Genetic drift is the term used in population genetics to refer to the statistical drift over time of gene frequencies in a population due to random sampling effects in the formation of successive generations. In a narrower sense, genetic drift refers to the expected population dynamics of neutral alleles (those defined as having no positive or negative impact on reproductive fitness), which are predicted to eventually become fixed at zero or 100% frequency in the absence of other mechanisms affecting allele distributions.

The most important keyword in the definition of genetic drift is random sampling effects. The figure belowed illustrates this idea. The surviving individuals do not necessarily have selection advantage. They are randomly selected.

Genetic drift can changes the proportion of genetic polymorphism. A particular mutation that are rare may becomes majority of the population due to random events. If all individuals in the population contain a particular mutation, we call it fixation.

In population genetics, fixation is the change in a gene pool from a situation where there exists at least two variants of a particular gene (allele) to a situation where only one of the alleles remains.

If there are m individuals contains a particular mutation in the population of size N, the ratio of have and do not have this mutation is $a = m/N$ , and $1-a$ respectively. According to Wright-Fisher model, the probability of n individuals that have this mutation in next generation follows the distribution of binomial: $P(n) = C^N_n a^n(1-a)^{N-n}$

With this distribution, we can perform simulation. Here, assume population size N=200, and initial probability of $ a=0.1 $ , we can sample n base on Wright-Fisher model and repeatedly update $a$ until $a$ is equals to 0 or 100%.

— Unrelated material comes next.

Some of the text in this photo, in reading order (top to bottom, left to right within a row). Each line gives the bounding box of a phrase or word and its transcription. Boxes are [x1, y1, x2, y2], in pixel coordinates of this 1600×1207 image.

In the above figure, I showed 20 times of simulations. There are 2 fixations. The ratio 2/20 is equals to the initial value of $a$ (0.1). For neutral mutation, the probability of fixation is equals to the mutation rate.

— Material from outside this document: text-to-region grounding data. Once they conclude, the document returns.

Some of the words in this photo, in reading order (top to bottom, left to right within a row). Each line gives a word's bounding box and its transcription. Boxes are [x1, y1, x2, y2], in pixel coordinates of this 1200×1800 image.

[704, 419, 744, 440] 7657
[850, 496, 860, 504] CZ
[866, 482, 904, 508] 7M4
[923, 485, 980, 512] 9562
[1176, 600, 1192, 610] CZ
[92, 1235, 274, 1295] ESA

Not all mutation are neutral. With selection pressures, some mutations have advantage while some mutations are deleterious. Advantageous mutation has fitness 1+s, while s is the selection coefficient. Fitness is the ratio between actual number of offspring and the expected offspring number. So individuals that contain advantageous mutation produce 1+s times of offspring than those do not have that mutation.

The mean of fitness in m copies of mutation is: $\bar{w} = \frac{m(1+s) + (N-m)}{N}$

In next generation, the ratio of this mutation is: $ a = \frac{m(1+s)}{N\bar{w}} $

I used s=0.05 to perform simulation again. Most of the advantageous mutation can be fixed after 100 generations.

If I set s=0.2, mutation can be fixed after 30 generations.

Accordingly, if mutation is deleterious, the fitness is 1-s.

Kimura proposed diffusion theory that the probability of fixation for advantageous mutation is: $p_{fix} = \frac{1-e^{-2s}}{1-e^{-2Ns}}$

and for deleterious mutation is: $ p_{fix} = \frac{e^{2s}-1}{e^{2Ns}-1}$

If s is very small and Ns « 1, the major force behind fixation is genetic drift, similar to neutral mutation (purple line).

In the condition of Ns » 1 and s « 1, $ e^{-2s} \approx 1-2s$ and $p_{fix} \approx 2s $ (red line).

Reference:

Chapter 3 of Bioinformatics and Molecular Evolution